What to work on |
Pictures stay out; everything else in the records is to be copied exactly.
(Beginning of Information shown)
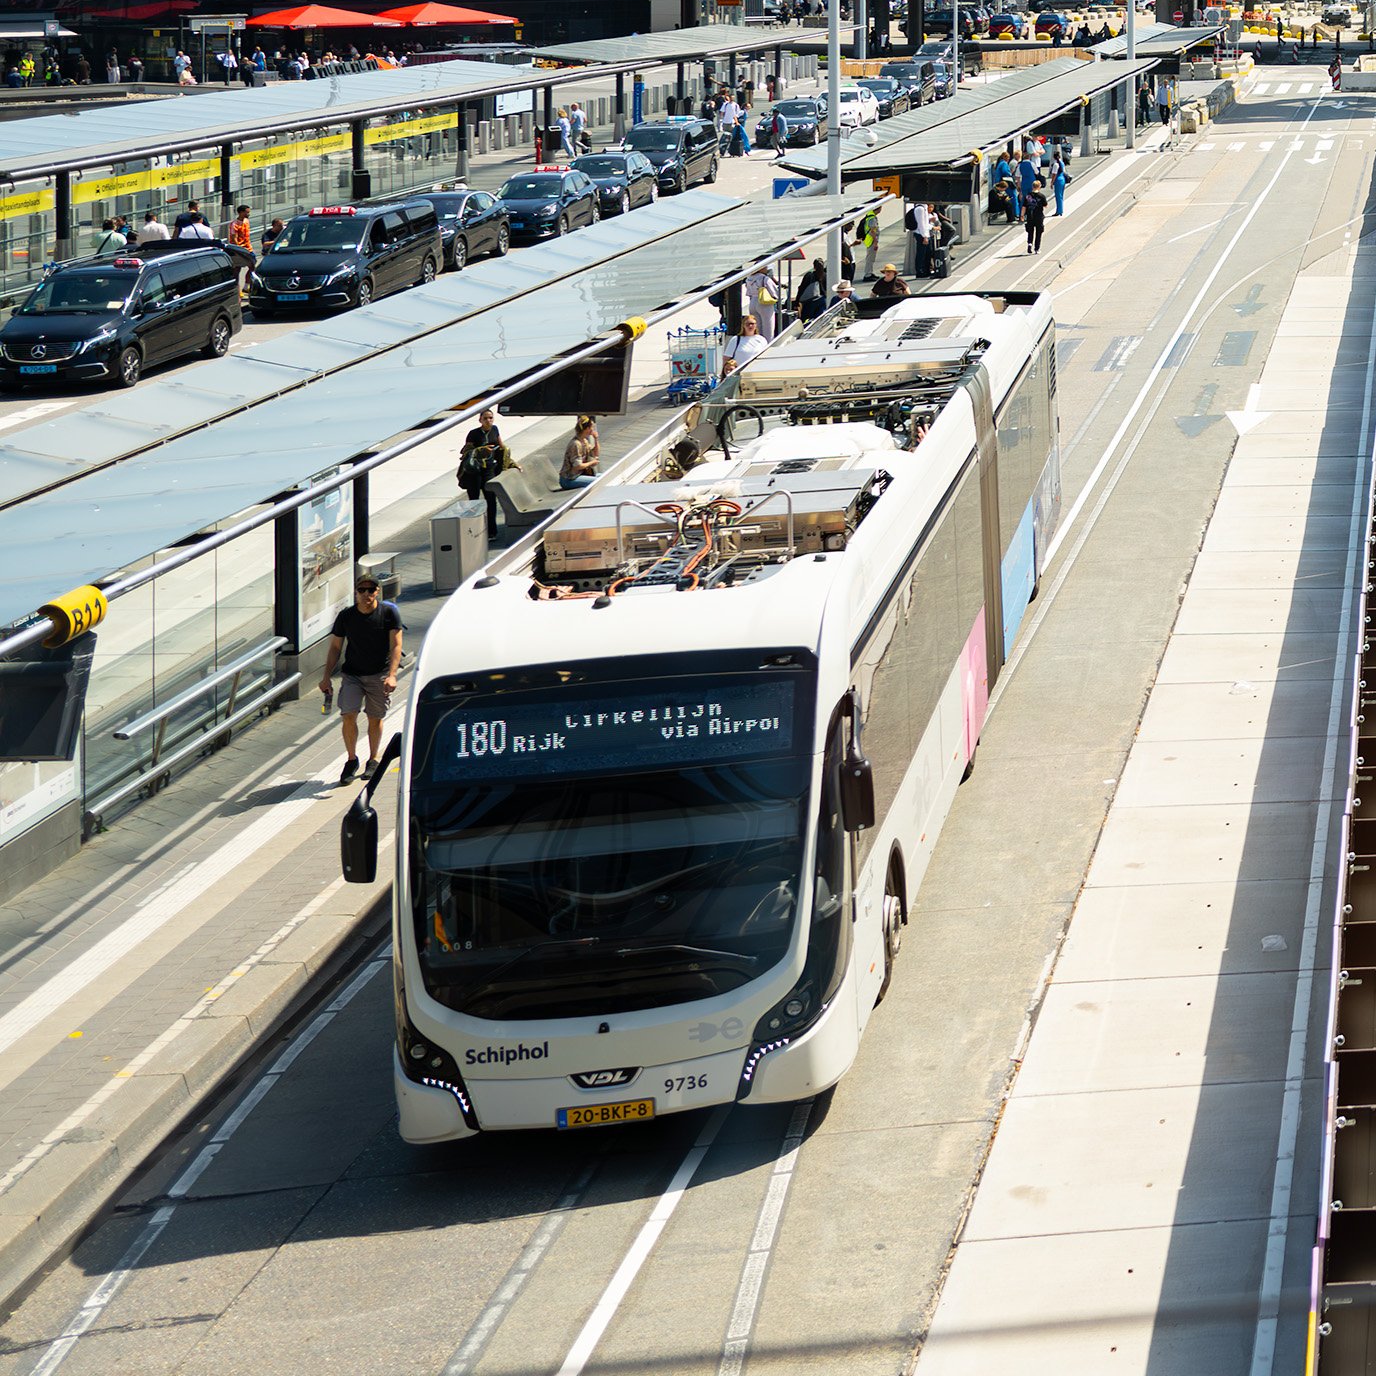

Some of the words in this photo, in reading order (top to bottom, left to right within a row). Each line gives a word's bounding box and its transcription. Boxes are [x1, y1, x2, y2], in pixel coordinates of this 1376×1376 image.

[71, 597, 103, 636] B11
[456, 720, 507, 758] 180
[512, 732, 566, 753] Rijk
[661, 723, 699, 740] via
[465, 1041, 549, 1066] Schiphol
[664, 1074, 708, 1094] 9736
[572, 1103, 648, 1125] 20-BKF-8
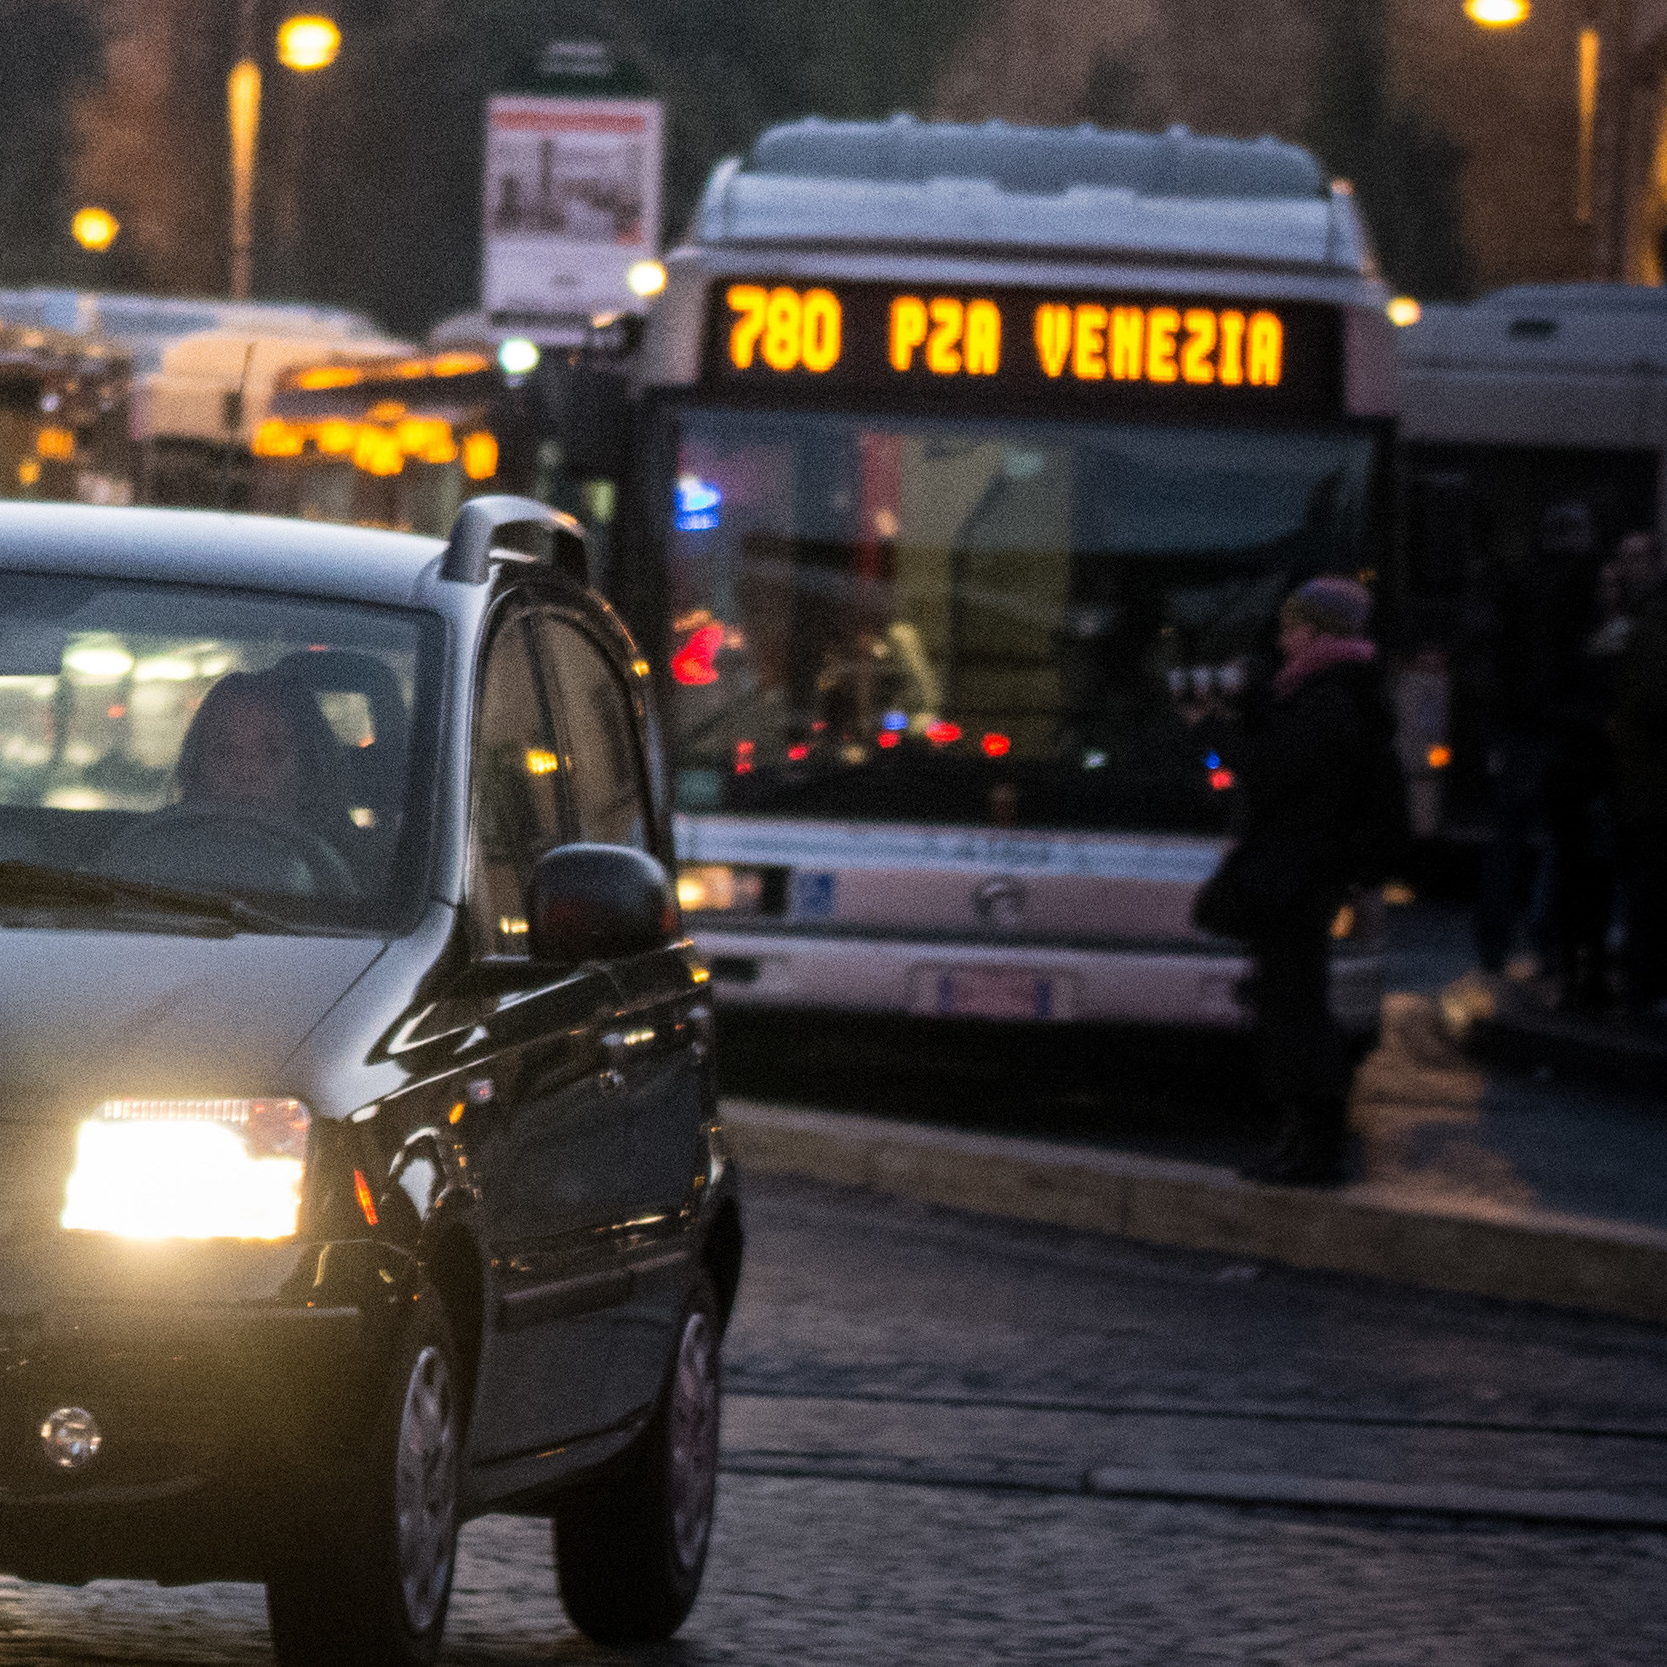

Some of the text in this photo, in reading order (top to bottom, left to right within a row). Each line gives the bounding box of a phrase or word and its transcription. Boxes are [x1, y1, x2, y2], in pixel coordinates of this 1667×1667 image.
(End of Information shown)
Written response |
Some of the words in this photo, in reading order (top to bottom, left to right within a row). Each line gives a word's bounding box and its transcription. Boxes are [x1, y1, x2, y2], in pixel coordinates of this 1376×1376 image.

[71, 597, 103, 636] B11
[456, 720, 507, 758] 180
[512, 732, 566, 753] Rijk
[661, 723, 699, 740] via
[465, 1041, 549, 1066] Schiphol
[664, 1074, 708, 1094] 9736
[572, 1103, 648, 1125] 20-BKF-8

Some of the text in this photo, in reading order (top to bottom, left to right within a row). Each line gives the bounding box of a phrase or word and its transcription. Boxes are [x1, y1, x2, y2], in pixel coordinates of this 1667×1667 image.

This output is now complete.